As it turns out, Mayaka can't find A Corpse By Evening, but does find another one called Body Talk, which she thinks is good as well, and still many levels above hers.

When she tells Kouchi that she couldn't find A Corpse By Evening, Kouchi's friends suggest that Mayaka was just doing an ass-pull to get them off her back. Kouchi tells her friends that if they hadn't heard of the work, then they should kindly STFU.

At the end of the arc, Mayaka ends up borrowing Oreki's copy of A Corpse By Evening, and she brings it to Kouchi. As it turns out, she already had a copy of the work, and she kindof agrees with Mayaka about the nature of masterpieces . . . so much so that she stopped reading A Corpse By Evening halfway through and buried it at the back of her closet so she'd never have to see it again, and so she could be in denial about the nature of masterpieces.

Kouchi reveals that she knew the writer of A Corpse By Evening, and felt a substantial inferiority complex toward the writer . . . since the writer was not a big fan of manga . . . and yet, the writer came up with a masterpiece manga as her very first (and as far as she knew only) entry in the field. While doing this, she sketches some graffiti on the rail.

Kouchi, obviously distraught, tells Mayaka that she refuses to read A Corpse By Evening, because then she'd be overwhelmed by how OMG AWESOME it is, and she'd be eagerly awaiting more work from the writer . . . which isn't going to ever happen.

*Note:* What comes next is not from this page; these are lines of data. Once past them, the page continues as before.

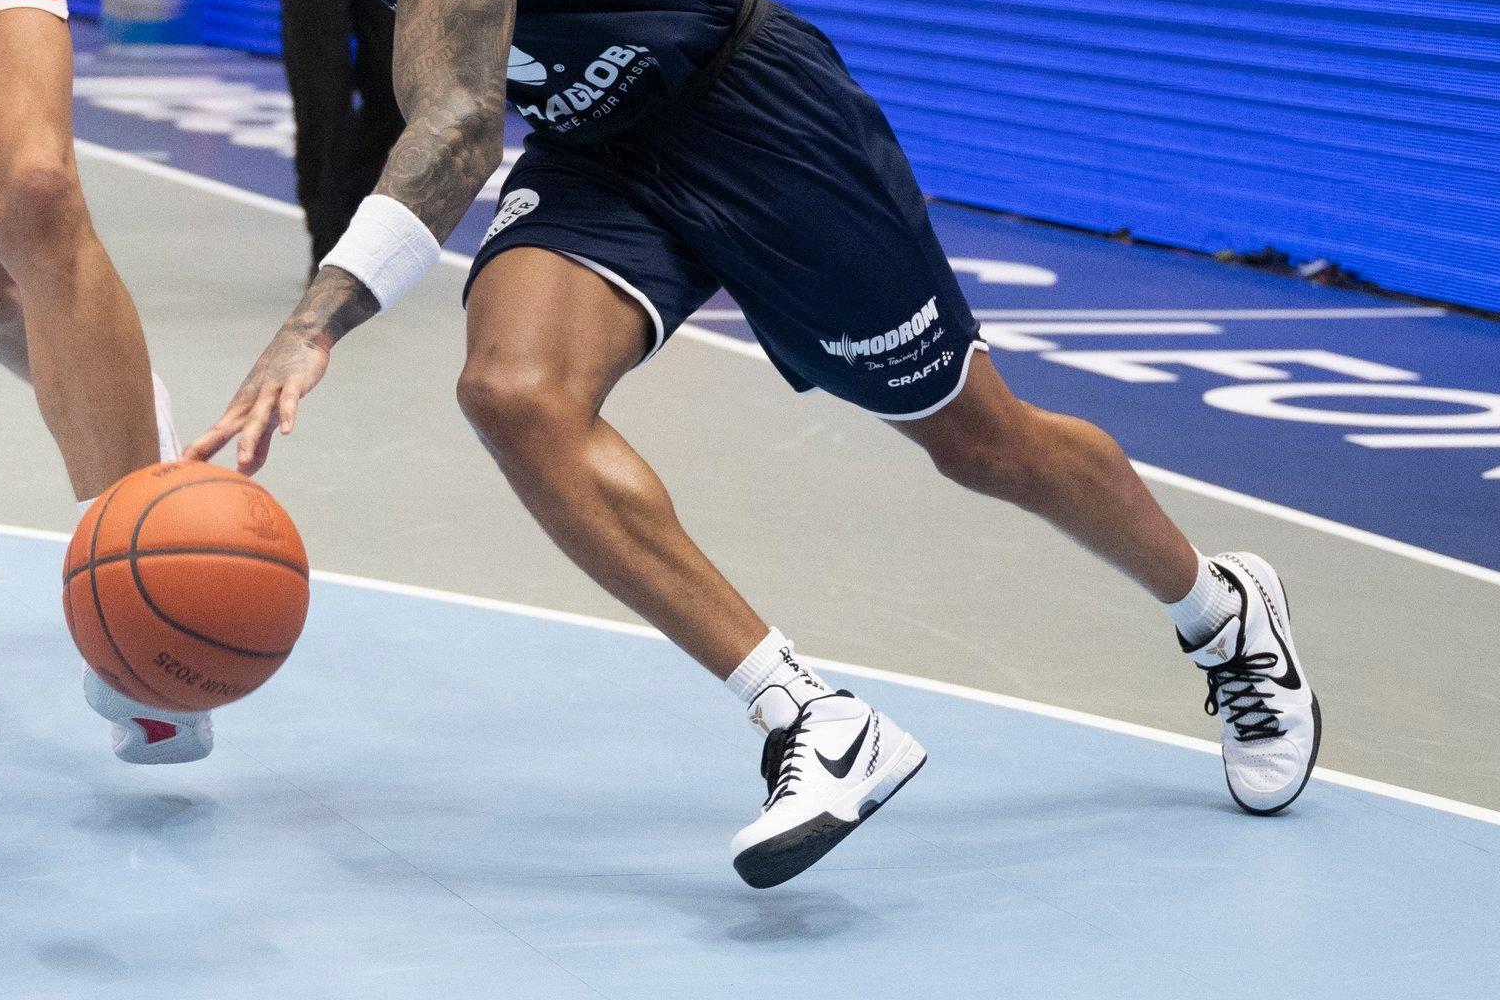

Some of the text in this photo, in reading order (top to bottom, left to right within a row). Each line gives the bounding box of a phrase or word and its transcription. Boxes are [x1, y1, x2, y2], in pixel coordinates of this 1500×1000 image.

[592, 95, 620, 119] OUR
[819, 298, 938, 358] VIMODROM
[864, 360, 885, 371] Das
[886, 350, 919, 367] Training
[887, 358, 941, 387] CRAFT

After Kouchi leaves, Mayaka looks at the doodle on the rail, and realizes that it's the logo from the back of Body Talk. The same manga that she'd previously asserted that, while not the masterpiece that A Corpse By Evening was, it was still "a hundred levels" above her work.

It then hits her that she'd been debating about masterpieces with a girl whose own work was significantly better than her's . . . a girl so crushed by a non-fan manga genius that she's retreated to the safety of denial. In other words, she'd fought with a girl who'd already fought the same battle over masterpieces, talents, innate talents, and expectations that those of lesser talent hold of those of greater talent, lost miserably, and was still light-years ahead of where Mayaka was. It's a realization that does bad things to her feelings of self-worth.
__________________
Go into the water. Live there. Die there.